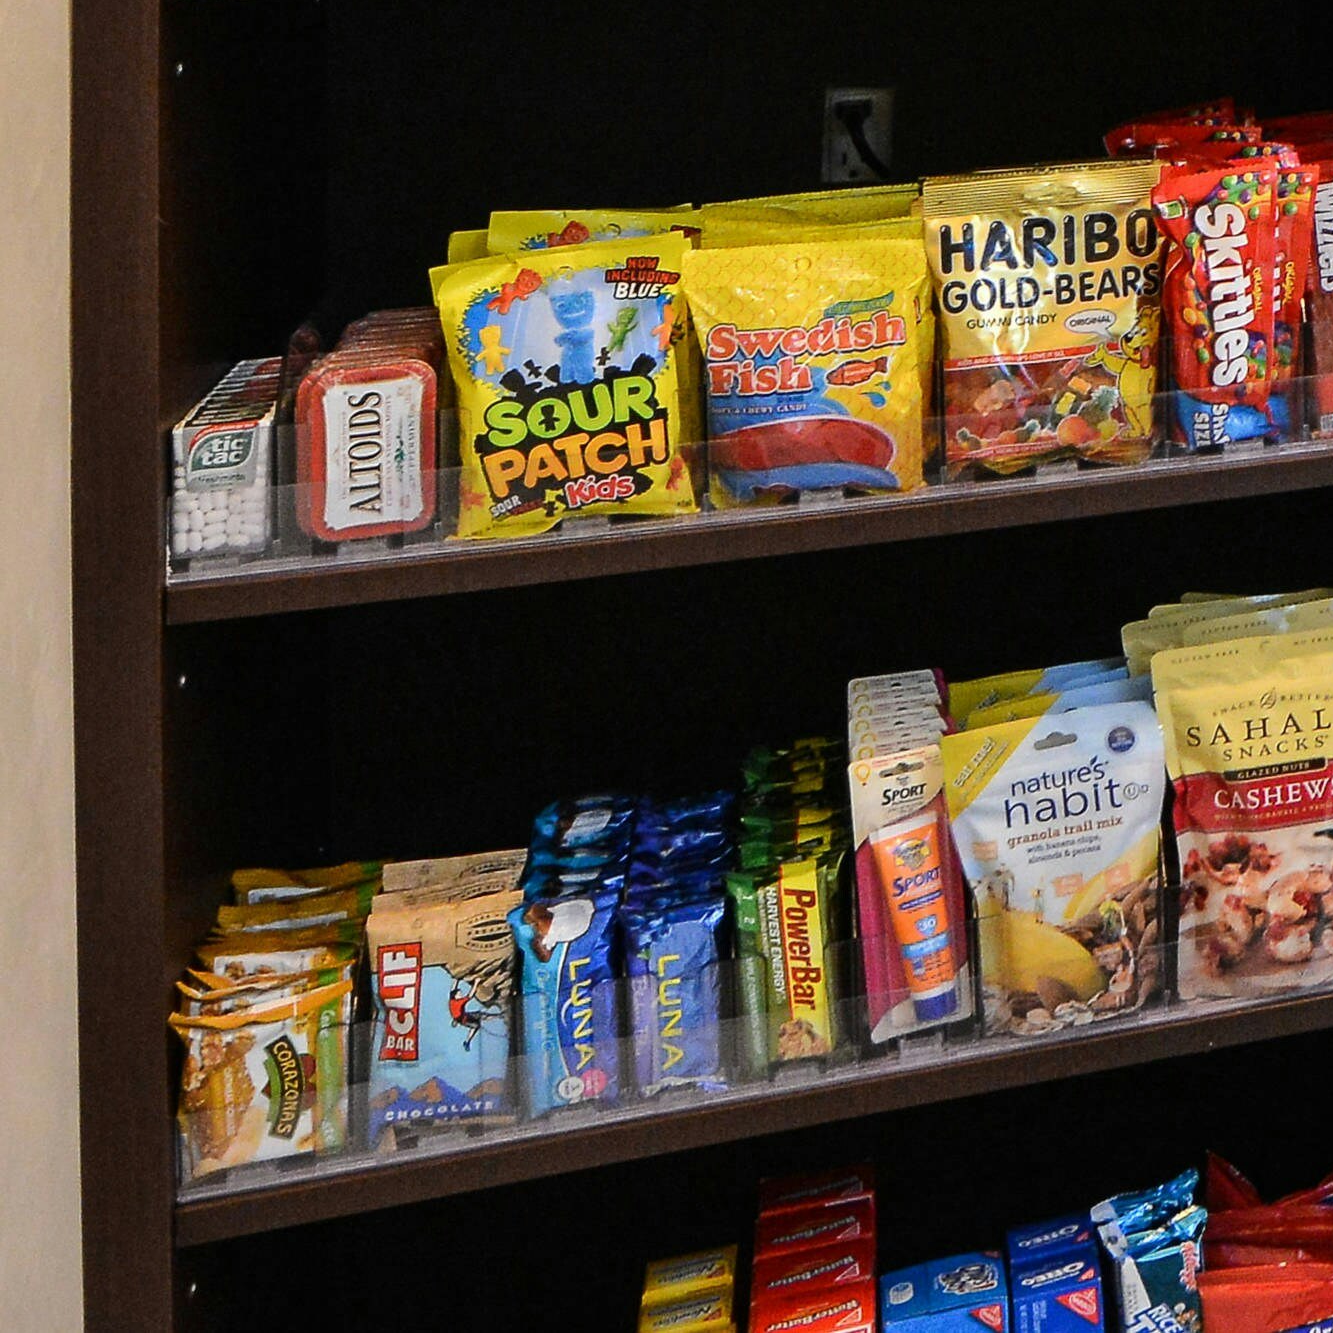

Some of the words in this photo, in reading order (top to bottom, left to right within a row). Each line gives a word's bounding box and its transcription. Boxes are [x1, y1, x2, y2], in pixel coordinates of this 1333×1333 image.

[940, 209, 1158, 274] HARIBO
[614, 282, 663, 299] BLUE
[942, 263, 1160, 314] GOLD-BEARS
[1194, 203, 1258, 387] Skittles
[707, 311, 906, 360] Swedish
[1015, 313, 1057, 326] CANDY
[1069, 315, 1111, 328] ORIGINAL
[707, 356, 812, 396] Fish
[487, 376, 655, 448] SOUR
[348, 391, 382, 513] ALTOIDS
[484, 418, 666, 498] PATCH
[565, 475, 634, 508] Kids
[1222, 734, 1326, 762] SNACKS
[1003, 777, 1123, 829] habit
[383, 951, 419, 1035] CLIF
[567, 957, 596, 1070] LUNA
[657, 954, 684, 1070] LUNA
[386, 1036, 414, 1051] BAR
[271, 1040, 301, 1136] CORAZONAS

___

[EXERCISE] Omit the pictures, then output every record exactly as given.

[COMPLETED EXERCISE]
Some of the words in this photo, in reading order (top to bottom, left to right within a row). Each line gives a word's bounding box and its transcription. Boxes are [x1, y1, x2, y2], in pixel coordinates of this 1333×1333 image.

[940, 209, 1158, 274] HARIBO
[614, 282, 663, 299] BLUE
[942, 263, 1160, 314] GOLD-BEARS
[1194, 203, 1258, 387] Skittles
[707, 311, 906, 360] Swedish
[1015, 313, 1057, 326] CANDY
[1069, 315, 1111, 328] ORIGINAL
[707, 356, 812, 396] Fish
[487, 376, 655, 448] SOUR
[348, 391, 382, 513] ALTOIDS
[484, 418, 666, 498] PATCH
[565, 475, 634, 508] Kids
[1222, 734, 1326, 762] SNACKS
[1003, 777, 1123, 829] habit
[383, 951, 419, 1035] CLIF
[567, 957, 596, 1070] LUNA
[657, 954, 684, 1070] LUNA
[386, 1036, 414, 1051] BAR
[271, 1040, 301, 1136] CORAZONAS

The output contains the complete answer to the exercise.